Selon la Cour supérieure, il faut interpréter l'hypothèque additionnelle comme couvrant seulement les intérêts qui s'accumulent sur le prêt

par Karim Renno
Irving Mitchell Kalichman s.e.n.c.r.l.

À la lecture des registres immobiliers, l'on constate souvent que les institutions financières inscrivent des hypothèques immobilières pour des montants plus élevés que le montant du prêt effectué. C'est en fonction des clauses "d'hypothèque additionnelle", que l'on retrouve presque systématiquement dans les actes d'hypothèque, que ce procédé est utilisé. Or, dans l'affaire Banque Nationale du Canada c. Larouche (2011 QCCS 5387), la Cour supérieure vient confirmer la validité des clauses d'hypothèque additionnelle, mais seulement pour garantir le montant des intérêts.

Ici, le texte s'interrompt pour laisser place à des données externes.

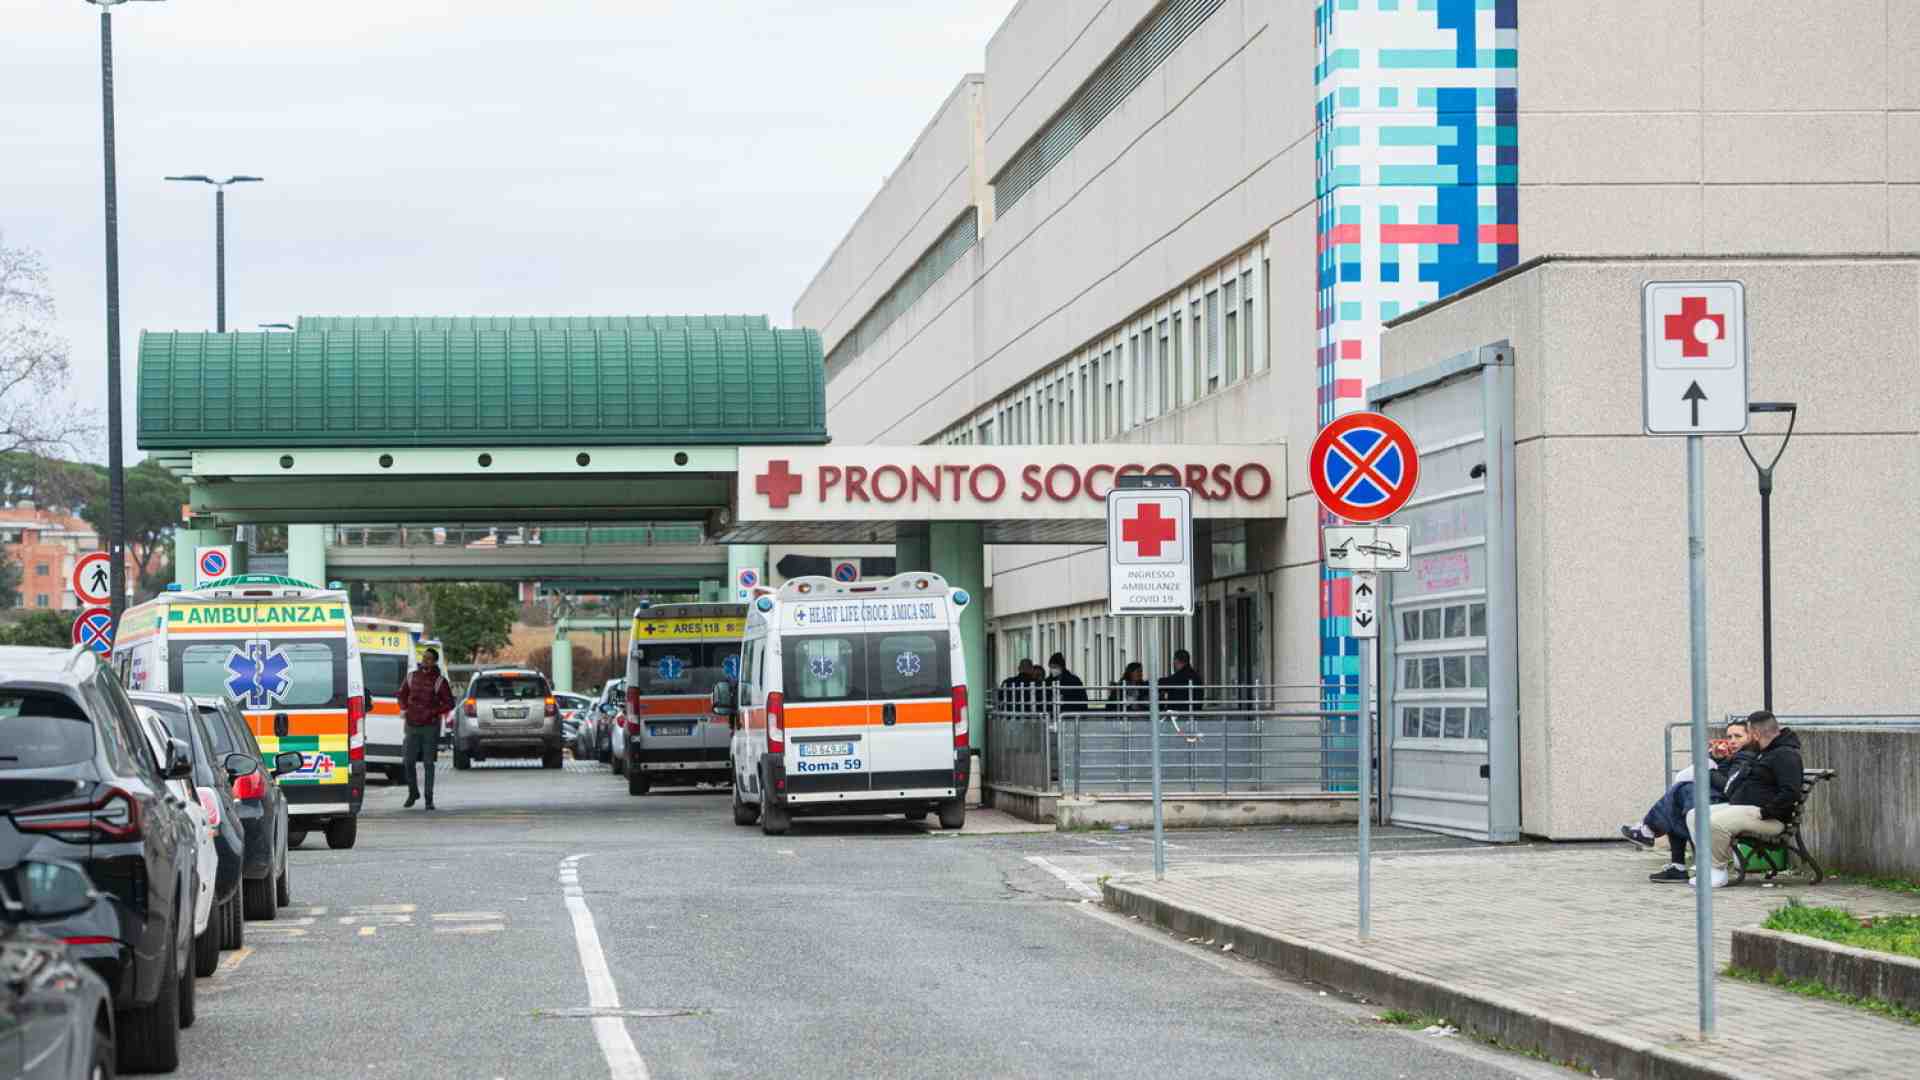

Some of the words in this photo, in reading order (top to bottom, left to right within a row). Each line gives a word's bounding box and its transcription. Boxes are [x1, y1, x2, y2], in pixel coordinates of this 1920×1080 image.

[818, 464, 1006, 503] PRONTO
[1128, 570, 1175, 578] INGRESSO
[1121, 583, 1180, 591] AMBULANZE
[1129, 595, 1159, 603] COVID
[1163, 595, 1174, 603] 19
[188, 607, 326, 624] AMBULANZA
[809, 606, 838, 623] HEART
[840, 605, 859, 622] LIFE
[861, 604, 889, 621] CROCE
[891, 603, 917, 620] AMICA
[673, 624, 701, 633] ARES
[704, 623, 719, 633] 118
[381, 636, 401, 647] 118
[797, 761, 839, 772] Roma
[844, 759, 862, 770] 59

Dans cette affaire, le Défendeur conteste l'état de collocation préparé suite à la vente sous contrôle de justice, mais de gré à gré, de sa propriété. L'hypothèque de base était de 125 000 $. C'est l'interprétation donnée à la clause dite hypothèque additionnelle de 20 %, soit 25 000 $, qui pose problème dans cette affaire. En effet, la Demanderesse cherche à être colloquée pour un montant de 150 000$, nonobstant l'absence d'intérêts à être payés par le Défendeur, alléguant que celui-ci avait cautionné une dette plus importante et que la clause d'hypothèque additionnelle doit s'appliquer.

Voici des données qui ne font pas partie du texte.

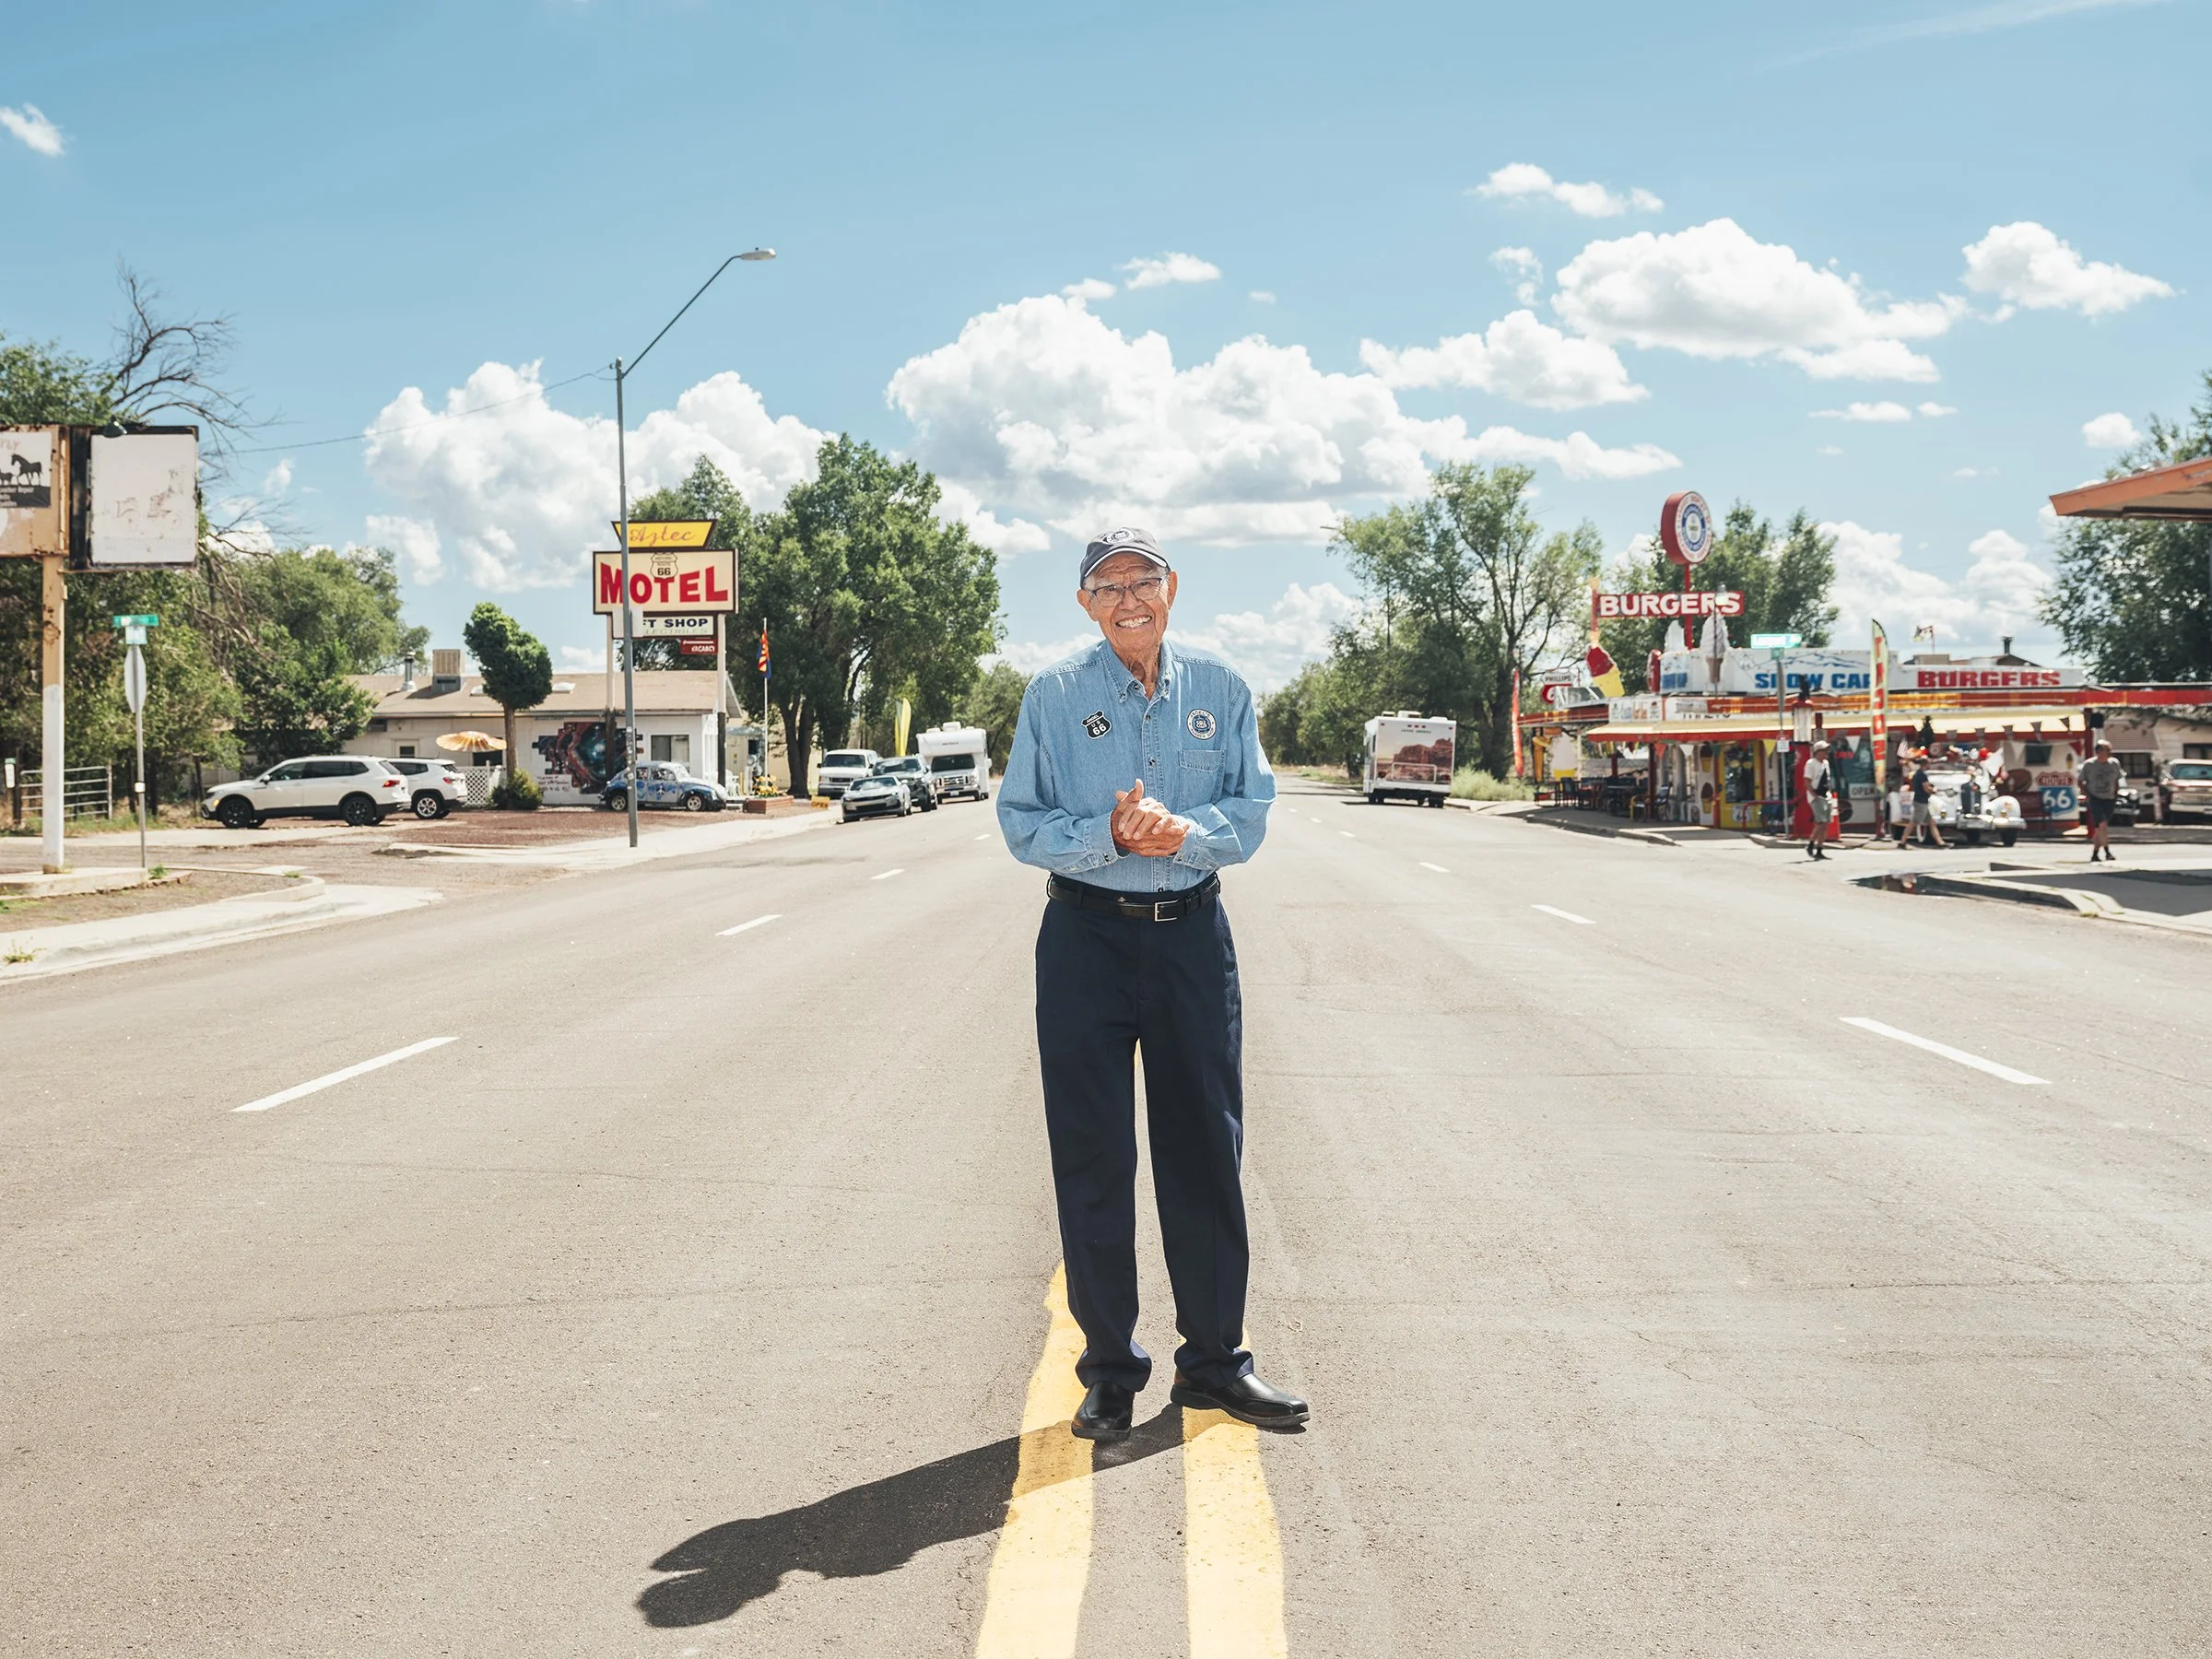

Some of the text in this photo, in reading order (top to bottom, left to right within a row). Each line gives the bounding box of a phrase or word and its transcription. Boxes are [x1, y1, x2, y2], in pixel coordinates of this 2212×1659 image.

[629, 525, 696, 547] Aztec
[657, 568, 671, 576] 66
[600, 562, 728, 604] MOTEL
[1599, 593, 1741, 617] BURGERS
[665, 618, 708, 628] SHOP
[1917, 671, 2061, 688] BURGERS
[1092, 724, 1107, 735] 66
[2042, 789, 2071, 809] 66

L'Honorable juge Paul-Marcel Bellavance rejette l'interprétation de la Demanderesse et indique que l'hypothèque additionnelle ne peut être un fourre-tout. Cette clause ne s'applique qu'à l'égard des intérêts:
[17] Le rôle de l'hypothèque additionnelle est limité et décrit comme suit par la professeure Denise Pratte dans Priorités et hypothèques:
"Quant aux intérêts, l'article 2667 C.c.Q. doit être complété par les articles 2959 et 2960 C.c.Q. pour déterminer si cette portion de créance est également hypothécaire ou si elle est considérée comme chirographaire. Les intérêts échus, lors de l'inscription de l'hypothèque, sont conservés par cette inscription, si le montant est indiqué dans la réquisition d'inscription (Art. 2960 al. 2 C.c.Q.)184. L'inscription d'une hypothèque conserve au créancier, au même rang que le capital, les intérêts échus de l'année courante et des trois années précédentes (Art. 2959 al. 1 C.c.Q.). Cet article reprend en partie l'ancien article 2124 C.c.B.C., mais en augmentant à trois le nombre d'années d'intérêts protégés et en spécifiant que les années couvertes sont celles précédant l'année courante. On ne définit pas «l'année courante». Elle doit donc recevoir la même signification que celle du droit antérieur, soit l'année où le créancier hypothécaire fait valoir ses droits. Quant au surplus des intérêts échus, il ne sera couvert par l'hypothèque qu'à compter de l'inscription d'un avis indiquant le montant réclamé (Art. 2960 al. 1 C.c.Q.). Cette créance hypothécaire ne prendra rang qu'à la date de l'inscription de cet avis185. Une pratique s'est toutefois développée à l'effet de prévoir dans l'acte d'hypothèque une clause «d'hypothèque additionnelle» garantissant, au même rang que l'hypothèque initiale, le surplus des intérêts non couverts automatiquement186. Par contre, nous ne croyons pas que la clause pourrait valoir à l'égard des tiers, puisqu'elle contrevient aux articles 2959 et 2960 C.c.Q. Dans tous les cas, il convient de rappeler que le capital et les intérêts se prescrivent par trois ans (Art. 2925 C.c.Q.).
[...]
[20] Il n'y a pas dans le dossier de preuve à l'effet qu'il y a de l'intérêt au sens de l'hypothèque additionnelle. Quant à l'expression garantir d'avantage l'acquittement (des) obligations en vertu du présent acte, elle ne peut être une armoire fourre-tout dans laquelle on va inclure tout ce qui est dû à la Banque (le capital excédant 125 000 $, les intérêts sur 275 000 $, la marge de crédit, les cartes de crédit, etc.).
[21] En résumé, l'hypothèque additionnelle ne doit pas, par une interprétation large, fragiliser facilement le montant garanti de couverture originalement choisi par les parties. Sa portée est très limitée.
[22] Comme le montant maximum de l'hypothèque était atteint, il y a lieu de retrancher de l'acte de collocation tout montant supplémentaire à la somme de 125 000 $.